For smaller rectosigmoid polyps, Rondonotti et al. conducted a study on 596 lesions ≤ 5 mm and achieved a high confidence diagnostic rate of 92.3%. The CAD EYE-assisted NPV for adenomatous histology met the required threshold (≥ 90 %) with a value of 91.0%. The accuracy was lower for nonexperts (82.3%) compared witho experts (91.9%), but nonexperts showed improvement in their performance over time [26].
Our study was performed in “real-life” conditions with different indications for colonoscopy, excluding only patients with IBD or genetic polyposis. Therefore, it reflects the potential value of CAD EYE in routine practice. Furthermore, in addition to characterization, it confirms that CAD EYE is highly efficient for detection of colonic lesions. Indeed, 30% of lesions were detected by CAD EYE before the endoscopist and no lesion was missed. We did not identify any specific characteristics associated with CAD EYE misdiagnosis. The size of the polyps varied from 1 to 10 mm and Paris classification varied from 0-Is to 0-IIb, spread across the entirety of the colon.

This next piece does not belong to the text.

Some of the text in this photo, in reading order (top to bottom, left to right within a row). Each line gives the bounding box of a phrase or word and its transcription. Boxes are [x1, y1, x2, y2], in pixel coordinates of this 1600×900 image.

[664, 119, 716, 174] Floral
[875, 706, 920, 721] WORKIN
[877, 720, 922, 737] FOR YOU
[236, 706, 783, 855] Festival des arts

Our study has several limitations. First, in our analysis, we grouped SSLs and hyperplastic lesions for CAD analysis because CAD EYE (like all other CAD systems) cannot differentiate SSL from HP in its current version. This is likely to change in the near future. Human prediction of histology was based on CONECCT Classification, with satisfying results in comparison with previous literature [16]. Second, only nine endoscopists in three centers with expertise in optical diagnosis participated in the study. In addition, we did not assess the expertise of endoscopists in interpretation of magnified images or the number of lesions for which the magnification function was used. Therefore, further studies with a larger panel of endoscopists and standardized expertise in optical diagnosis are required to determine the true additional value of CAD EYE outside of tertiary-referral centers and, possibly, excluding the need for magnification imaging. Also, we did not consider the confidence level achieved by the endoscopist or CAD EYE, which might have negatively impacted our results. Indeed, a previous multicenter clinical study conducted by Barua et al. evaluated 892 polyps in 518 patients. Sensitivity and specificity were 90.4%, and 85.9% for their CAD group, and high-confidence polyp diagnosis was higher in the CAD group (92.6% vs 74.2% in the standard endoscopy group) [27].
Conclusions
The CAD EYE system has great clinical potential because it can be used in conjunction with normal endoscopy equipment. CAD EYE has the potential to dramatically improve the quality and reduce the costs of colonoscopy, especially in community practice.